Os bolcheviques fundaram o "Grupo central da organização militar de Kronstadt" que se achava em
estreito contato com o Comitê de Petrogrado do Partido. Adstrita ao Comitê de Petrogrado, criou-se uma organização
militar para o trabalho entre a guarnição. Em agosto de 1910, o chefe da polícia secreta de Petrogrado informava que o
"Grupo Central de Kronstadt é uma organização muito séria, de caráter conspirativo, cujos membros são todos pessoas
caladas e precavidas. Esta organização tem também representantes em terra".
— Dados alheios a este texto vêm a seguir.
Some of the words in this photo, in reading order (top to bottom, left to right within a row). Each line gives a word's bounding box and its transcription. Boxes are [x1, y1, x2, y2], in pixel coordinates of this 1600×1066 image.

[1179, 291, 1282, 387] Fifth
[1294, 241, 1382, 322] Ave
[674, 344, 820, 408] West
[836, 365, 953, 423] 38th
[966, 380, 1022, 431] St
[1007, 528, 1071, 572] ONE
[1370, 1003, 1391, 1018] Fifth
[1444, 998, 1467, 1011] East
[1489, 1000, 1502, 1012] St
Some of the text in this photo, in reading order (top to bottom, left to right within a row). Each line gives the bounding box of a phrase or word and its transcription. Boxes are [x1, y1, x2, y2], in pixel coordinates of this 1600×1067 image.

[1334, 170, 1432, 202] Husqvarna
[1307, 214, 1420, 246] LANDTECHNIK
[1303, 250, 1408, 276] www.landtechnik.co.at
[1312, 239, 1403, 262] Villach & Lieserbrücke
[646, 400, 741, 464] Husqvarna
Na frente, o Partido bolchevique fazia trabalho de agitação em prol da confraternização entre os soldados
dos exércitos beligerantes, ressaltando que o inimigo era a burguesia mundial e que só se poderia pôr fim à guerra,
convertendo a guerra imperialista em guerra civil e voltando as armas cada qual contra a sua própria burguesia e o
governo desta. Cada vez se amiudavam mais os casos de unidades que se negavam a atacar. Casos destes se deram já
em 1915 e, sobretudo, em 1916.
Onde os bolcheviques desenvolviam um trabalho mais intenso era nos Exércitos da frente do Norte, na
região do Báltico. Em começos do ano de 1917, o general Russki, general em chefe dos Exércitos da frente Norte,
informava o Alto Comando a respeito do formidável trabalho revolucionário, desenvolvido pelos bolcheviques
naquela frente.
A guerra impôs uma mudança radical e gigantesca na vida dos povos e na vida da classe operária
internacional. Punha sobre o tapete a sorte dos Estados, a sorte dos povos, a sorte do movimento socialista. Era
também, portanto, uma pedra de toque, uma prova para todos os partidos e tendências que se chamavam socialistas.
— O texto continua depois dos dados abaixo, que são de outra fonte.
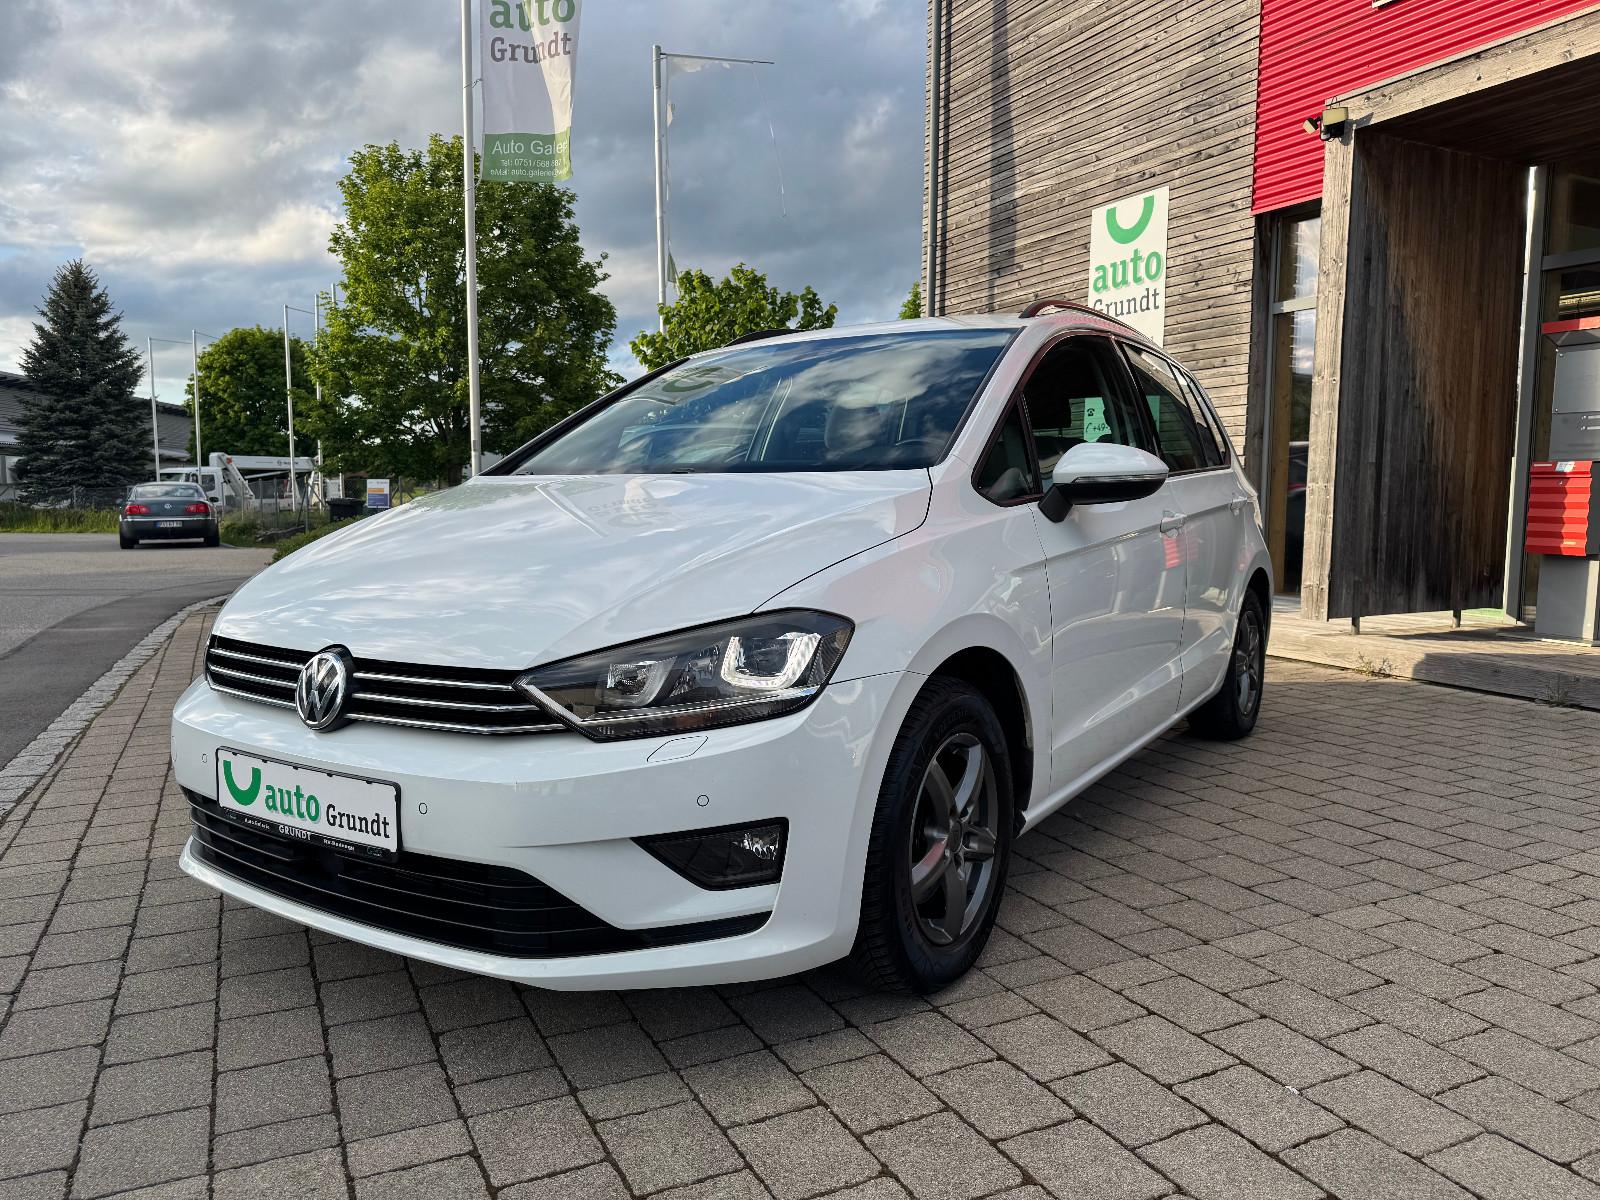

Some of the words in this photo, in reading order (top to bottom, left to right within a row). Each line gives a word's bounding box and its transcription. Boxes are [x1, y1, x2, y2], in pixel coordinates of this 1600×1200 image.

[489, 0, 576, 32] auto
[490, 31, 572, 64] Grundt
[491, 139, 525, 155] Auto
[1092, 248, 1162, 293] auto
[264, 784, 320, 823] auto
[326, 803, 390, 839] Grundt
[279, 824, 311, 841] GRUNDT
Permaneceriam estes partidos e tendências fiéis à causa do socialismo, à causa do internacionalismo, ou prefeririam
atraiçoar a classe operária, atirar no chão sua bandeira e arrastá-los aos pés de sua própria burguesia nacional? Tal era
o problema que se apresentava.
A guerra demonstrou que os partidos da Segunda Internacional não resistiram à prova, mas que traíram a
classe operária, arriando sua bandeira diante da burguesia de seu próprio país, diante da burguesia nacional,
imperialista.
Não podia ser outra a conduta de partidos como aqueles que cultivavam em seu seio o oportunismo e
estavam educados na política de concessões aos oportunistas, aos nacionalistas.
A guerra demonstrou que o Partido bolchevique foi o único partido que soube enfrentar com honra a
prova e que permaneceu fiel até o fim à causa do internacionalismo proletário.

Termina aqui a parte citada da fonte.